J’ai enfin compris ce qui était important pour moi : être épanoui et libre;  et ce qui ne l’était pas: l’argent, le “qu’en dira-t-on”, la société. Alors je me suis libéré de tout ce qui me limitait dans la vie : la religion, une façon de penser négative, les amis et connaissances qui jugent, les tabous de la société, tout ça. J’ai commencé à voir au delà de toutes ces contraintes pour rester avec des gens qui pensent comme moi et sont ouverts d’esprit sur tous les sujets.

Après  “ma renaissance” comme je l’appelle, j’ai changé d’avis sur beaucoup de choses, y compris sur ma vie amoureuse et sexuelle.  Alors maintenant quand je couche avec une fille, je recherche une ouverture d’esprit intellectuelle, spirituelle, sexuelle. 

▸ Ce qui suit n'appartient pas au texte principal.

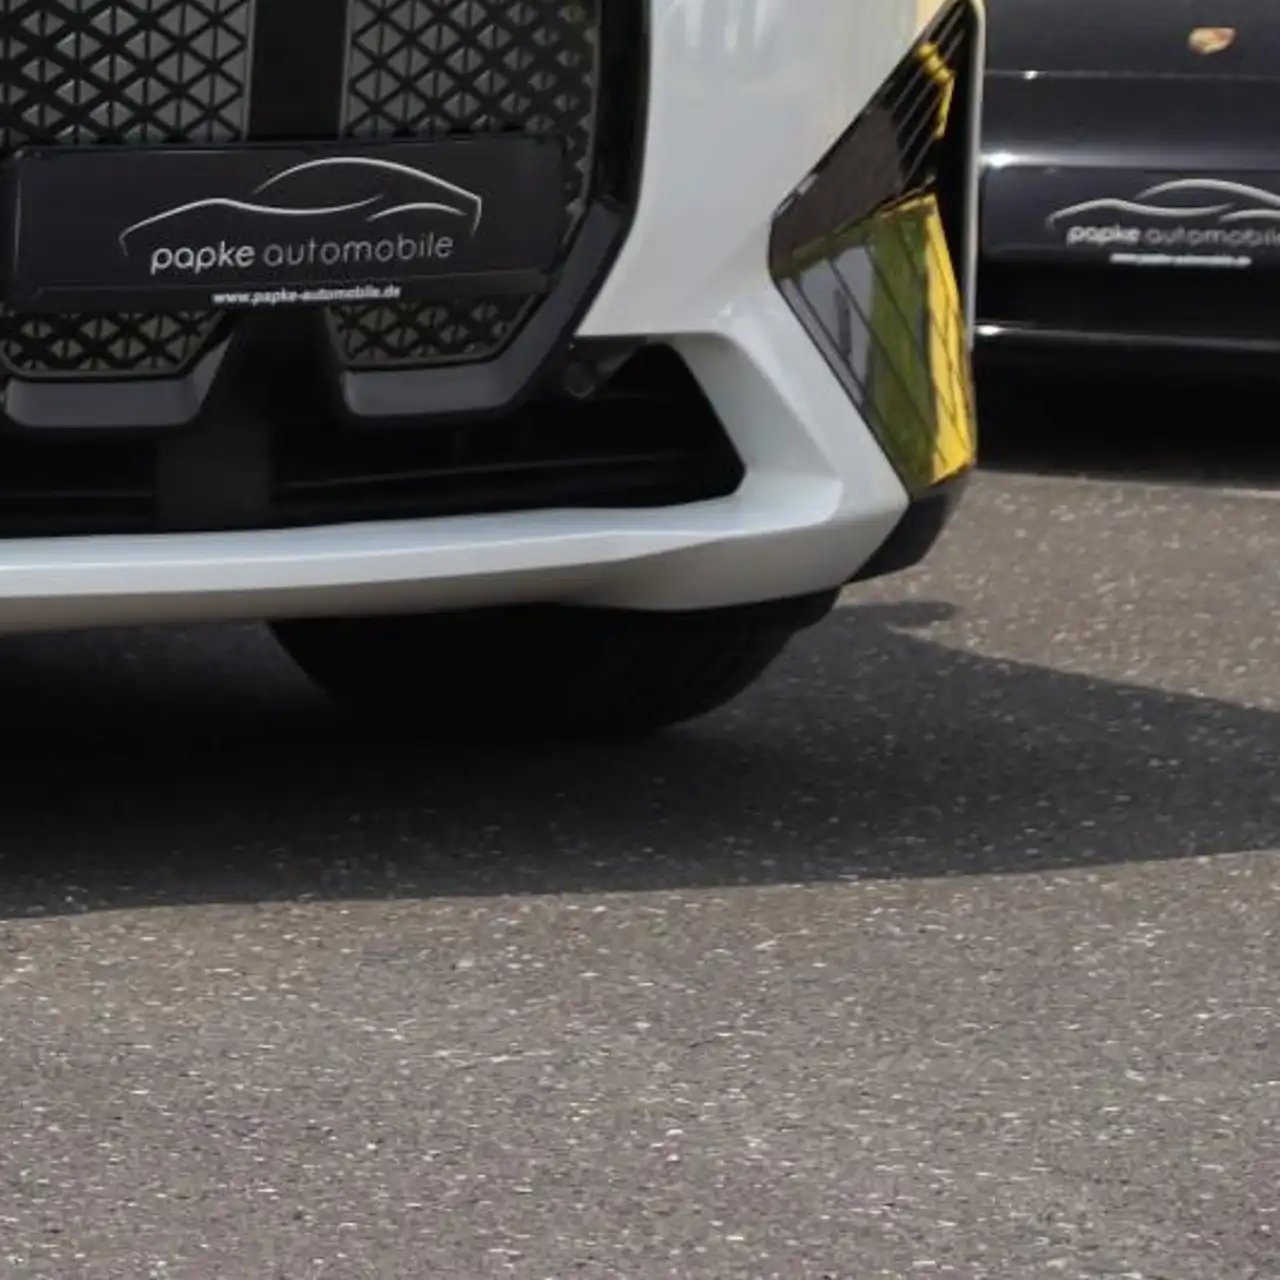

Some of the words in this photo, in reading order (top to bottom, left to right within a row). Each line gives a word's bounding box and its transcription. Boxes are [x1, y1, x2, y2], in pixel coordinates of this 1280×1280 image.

[150, 240, 256, 275] papke
[262, 230, 454, 267] automobile
[211, 284, 402, 306] www.papke-automobile.de

Depuis “cette renaissance”, j’ai eu beaucoup de relations physiques mais rien de sérieux car je me concentre sur mon développement personnel et professionnel. J’ai besoin de continuer à me construire. Je rencontre souvent des filles qui me plaisent mais la plupart du temps elles ne sont pas Libanaises. Je n’ose pas avec les Libanaises. Celles que je rencontre ne sont pas à l’aise avec l’idée du sexe. Je pense qu’elles ne sont pas très matures, elles veulent être avec moi mais sans relations physiques. Moi je n’en suis plus là. Aujourd’hui, je n’épouserai pas une fille vierge par exemple car pour moi elle n’est pas mature, elle n’est pas au même stade de réflexion que moi.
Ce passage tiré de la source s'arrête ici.